OBAMA-articleLargeO vento não está soprando a favor da imagem de Barack Obama, presidente dos Estados Unidos. Quem afirma isso são observadores da cena internacional. Na abertura da 68ª Assembleia Geral das Organizações Unidas – ONU -, em Nova Iorque, ele se viu em situação desconfortável. Em parte, porque disputa a bola com Teerã e Moscou no que se refere aos conflitos nos países do Oriente Médio, especialmente a Síria. Mas também porque foi obrigado a engolir uma dura cobrança da presidente brasileira, Dilma Rousseff, que fez ouvidos de mercador ao pedido que ouviu dele em Moscou, recentemente: “Tem que confiar em mim.
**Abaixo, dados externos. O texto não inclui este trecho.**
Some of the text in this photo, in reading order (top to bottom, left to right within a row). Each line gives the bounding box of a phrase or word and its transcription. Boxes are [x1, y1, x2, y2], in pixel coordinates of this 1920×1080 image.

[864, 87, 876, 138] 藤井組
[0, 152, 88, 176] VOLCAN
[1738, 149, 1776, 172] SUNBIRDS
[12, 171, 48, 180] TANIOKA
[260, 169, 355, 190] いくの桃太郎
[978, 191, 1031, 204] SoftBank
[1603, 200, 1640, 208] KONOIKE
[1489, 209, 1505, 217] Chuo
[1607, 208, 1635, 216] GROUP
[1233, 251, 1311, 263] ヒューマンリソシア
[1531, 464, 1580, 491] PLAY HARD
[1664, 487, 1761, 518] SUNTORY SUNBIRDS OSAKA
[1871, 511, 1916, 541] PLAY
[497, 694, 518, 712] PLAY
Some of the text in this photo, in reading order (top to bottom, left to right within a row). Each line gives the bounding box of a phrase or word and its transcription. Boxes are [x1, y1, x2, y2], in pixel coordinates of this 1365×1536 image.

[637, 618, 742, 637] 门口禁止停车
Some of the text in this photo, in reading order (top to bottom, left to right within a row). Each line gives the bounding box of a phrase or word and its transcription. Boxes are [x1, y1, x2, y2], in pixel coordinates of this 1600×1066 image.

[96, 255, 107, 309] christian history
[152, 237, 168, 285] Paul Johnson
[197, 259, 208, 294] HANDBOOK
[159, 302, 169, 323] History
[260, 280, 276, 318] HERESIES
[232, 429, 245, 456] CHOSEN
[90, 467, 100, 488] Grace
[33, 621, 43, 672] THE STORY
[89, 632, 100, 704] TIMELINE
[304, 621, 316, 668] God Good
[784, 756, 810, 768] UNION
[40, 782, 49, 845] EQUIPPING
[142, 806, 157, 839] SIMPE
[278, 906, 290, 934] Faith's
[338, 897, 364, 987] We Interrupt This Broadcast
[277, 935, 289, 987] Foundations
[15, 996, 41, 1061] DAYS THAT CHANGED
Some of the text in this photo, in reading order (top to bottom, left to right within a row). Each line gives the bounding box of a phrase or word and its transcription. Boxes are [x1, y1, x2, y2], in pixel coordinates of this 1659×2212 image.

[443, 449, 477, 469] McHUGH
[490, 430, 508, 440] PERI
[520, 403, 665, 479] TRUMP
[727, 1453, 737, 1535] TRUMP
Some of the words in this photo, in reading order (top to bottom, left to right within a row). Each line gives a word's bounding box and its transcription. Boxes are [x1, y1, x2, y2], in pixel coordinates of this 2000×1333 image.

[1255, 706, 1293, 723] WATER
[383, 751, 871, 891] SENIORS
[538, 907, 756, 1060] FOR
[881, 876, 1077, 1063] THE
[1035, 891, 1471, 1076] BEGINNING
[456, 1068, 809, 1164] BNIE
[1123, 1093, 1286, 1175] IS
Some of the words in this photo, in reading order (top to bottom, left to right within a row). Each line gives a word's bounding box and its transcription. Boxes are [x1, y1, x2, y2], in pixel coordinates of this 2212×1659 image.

Eu sou o presidente dos Estados Unidos”.

Estariam os astros conspirando para deixá-lo em maus lençóis na cama pública internacional? Não. Obama certamente não iria se apropriar do que já foi alegado pelo “extravagante” – na definição do Wall Street Journal – empresário brasileiro Eike Batista quando seu império foi para as cucuias. Mas cometeu pecado de ingenuidade quem esperava que justificasse, explicasse e pedisse desculpas aos países que seu governo invade através do trabalho laborioso da NSA nos caminhos da internet. Contudo, articulistas do mundo estão de olho nele. Na Alemanha, colheram a impressão de que o homem mais poderoso do mundo está na defensiva.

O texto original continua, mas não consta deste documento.